Dimitri DeFigueiredo
defigueiredo at ucdavis.edu
Wed May 21 16:57:39 UTC 2014
Thanks, the realization that price, cost and volume are different quantities
is exactly what led me to play around with the Units library.
I have a problem with Num. Shouldn't it be broken up into the fundamentals
of abstract algebra: Group, Ring, Field, etc? Just like is done for
Functors,
Applicative Functors, Monads, etc. It would avoid having the
typechecker allow me to multiply a Meter by Meter to get another Meter
(instead of the correct unit Meter^2).
Cheers,
Dimitri
Em 21/05/14 10:39, Brent Yorgey escreveu:
> Others have given examples of implementing this using a fold. I'd
> like to point out something else: by representing all these prices and
> volumes etc. as a bare numeric type, you are simply asking for
> trouble! The reason is that it allows many nonsensical operations.

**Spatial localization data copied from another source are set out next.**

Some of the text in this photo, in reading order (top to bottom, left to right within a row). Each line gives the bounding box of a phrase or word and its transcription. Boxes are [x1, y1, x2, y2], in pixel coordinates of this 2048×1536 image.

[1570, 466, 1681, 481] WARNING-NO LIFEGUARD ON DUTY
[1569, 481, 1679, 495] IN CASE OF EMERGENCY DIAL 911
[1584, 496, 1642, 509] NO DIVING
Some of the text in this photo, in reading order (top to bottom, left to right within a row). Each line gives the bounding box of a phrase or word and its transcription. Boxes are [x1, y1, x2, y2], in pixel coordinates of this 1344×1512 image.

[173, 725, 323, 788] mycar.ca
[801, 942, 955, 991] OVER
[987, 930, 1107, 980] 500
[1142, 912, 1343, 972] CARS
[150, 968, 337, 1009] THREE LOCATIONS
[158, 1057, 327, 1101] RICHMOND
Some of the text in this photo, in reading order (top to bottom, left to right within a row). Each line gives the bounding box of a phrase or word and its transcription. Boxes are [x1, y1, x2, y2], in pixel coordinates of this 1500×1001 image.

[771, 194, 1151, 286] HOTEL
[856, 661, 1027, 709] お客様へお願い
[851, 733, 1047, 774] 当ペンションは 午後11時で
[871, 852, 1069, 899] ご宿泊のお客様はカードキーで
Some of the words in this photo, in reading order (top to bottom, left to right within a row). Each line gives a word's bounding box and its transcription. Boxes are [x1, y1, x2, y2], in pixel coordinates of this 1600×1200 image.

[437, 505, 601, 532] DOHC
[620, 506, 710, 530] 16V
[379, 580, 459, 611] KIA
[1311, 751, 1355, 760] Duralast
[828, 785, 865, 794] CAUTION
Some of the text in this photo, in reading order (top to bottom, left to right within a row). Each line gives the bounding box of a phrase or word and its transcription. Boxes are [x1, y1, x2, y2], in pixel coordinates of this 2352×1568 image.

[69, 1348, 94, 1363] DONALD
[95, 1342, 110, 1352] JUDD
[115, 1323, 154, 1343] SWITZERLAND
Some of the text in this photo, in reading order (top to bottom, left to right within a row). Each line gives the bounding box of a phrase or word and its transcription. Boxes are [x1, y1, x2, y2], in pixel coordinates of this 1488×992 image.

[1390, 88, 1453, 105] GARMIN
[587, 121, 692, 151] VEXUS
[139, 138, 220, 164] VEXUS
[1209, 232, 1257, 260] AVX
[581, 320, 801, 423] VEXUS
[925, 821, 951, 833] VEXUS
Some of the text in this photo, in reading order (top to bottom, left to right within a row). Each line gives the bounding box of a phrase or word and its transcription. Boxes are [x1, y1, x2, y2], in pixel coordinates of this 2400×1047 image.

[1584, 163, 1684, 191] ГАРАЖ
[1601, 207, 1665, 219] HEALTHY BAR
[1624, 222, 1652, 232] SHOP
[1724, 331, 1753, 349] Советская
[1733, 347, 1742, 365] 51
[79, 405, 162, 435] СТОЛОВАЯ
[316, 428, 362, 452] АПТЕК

> For example, you could add a price and a volume. Adding a price and a
> volume makes no sense, but if they are the same type then the compiler
> cannot help you catch such a silly mistake.
>
> I would do something like this:
>
> {-# LANGUAGE GeneralizedNewtypeDeriving #-}
>
> newtype Price = Price Double
> -- you could also do newtype Price a = Price a if you want the
> -- flexibility to be able to use any numeric type, though it's
> probably not necessary.
>
> newtype Volume = Volume Double
> deriving Num
> newtype Cost = Cost Double
> deriving Num
>
> Notice I made a third type Cost, which is the result of multiplying a
> Price by a Volume. If I understand the domain correctly, multiplying
> a Price by a Volume does not give you another Price (for example,
> would it make sense to multiply a Price by a Volume, and then take the
> result and multiply it by another Volume?). A Price represents the
> value of a single share or unit of currency, whereas a Cost just
> represents some arbitrary amount of money.
>
> Now, what sorts of operations can one do on these types? Notice I put
> "deriving Num" after Volume and Cost, which means that two Volumes can
> be added or subtracted to give another Volume, and similarly for Cost
> (unfortunately, it means they can also be multiplied, which is
> probably not sensible, but that's more a failing of the Num class
> which is not granular enough). We also should implement
>
> (.*) :: Price -> Volume -> Cost
> Price p .* Volume v = Cost (p * v)
>
> And now you can implement essentially any of the suggested solutions,
> but with more descriptive types like
>
> aggregate :: [(Price, Volume)] -> [(Cost, Volume)]
>
> and using (.*) in the key place instead of (*). And now the type
> checker will make sure you don't do silly things like add a Price and
> a Volume, or multiply a Cost by a Price! Hooray!
>
> -Brent
>
> On Tue, May 20, 2014 at 08:12:59PM -0600, Dimitri DeFigueiredo wrote:
>> Awesome haskellers,
>>
>> I am coding up a little function that aggregates "ask orders" in a
>> currency exchange.
>> Another way to look at it, is that the function takes as input a
>> histogram or fdf (in list format) and outputs the cumulative
>> distribution cdf (also in list format). So we are kind of
>> "integrating" the input list.
>>
>> When given a list of asks in order of increasing price, the function
>> returns a list of points in the graph of the total supply curve.
>>
>> Here's an example:
>>
>> asks: returned list:
>>
>> [ (Price 42, Volume 0.5), [ (Price 21, Volume 0.5),
>> (Price 50, Volume 1 ), (Price 21+50=71, Volume 1.5),
>> (Price 55, Volume 0.2)] (Price 21+50+11=82,Volume 1.7)]
>>
>> the returned list gives us the total supply curve (price = y-axis,
>> quantity/volume = x-axis, so the order is flipped)
>>
>> Summarizing
>>
>> * We're adding up the volumes. The last volume on the list is the
>> total volume available for sale.
>> * We calculate the total amount to be paid to buy the current volume
>> (for each item in the list).
>>
>> I have written up a simple function to do this:
>>
>> aggregate :: Num a => [(a,a)] -> [(a,a)]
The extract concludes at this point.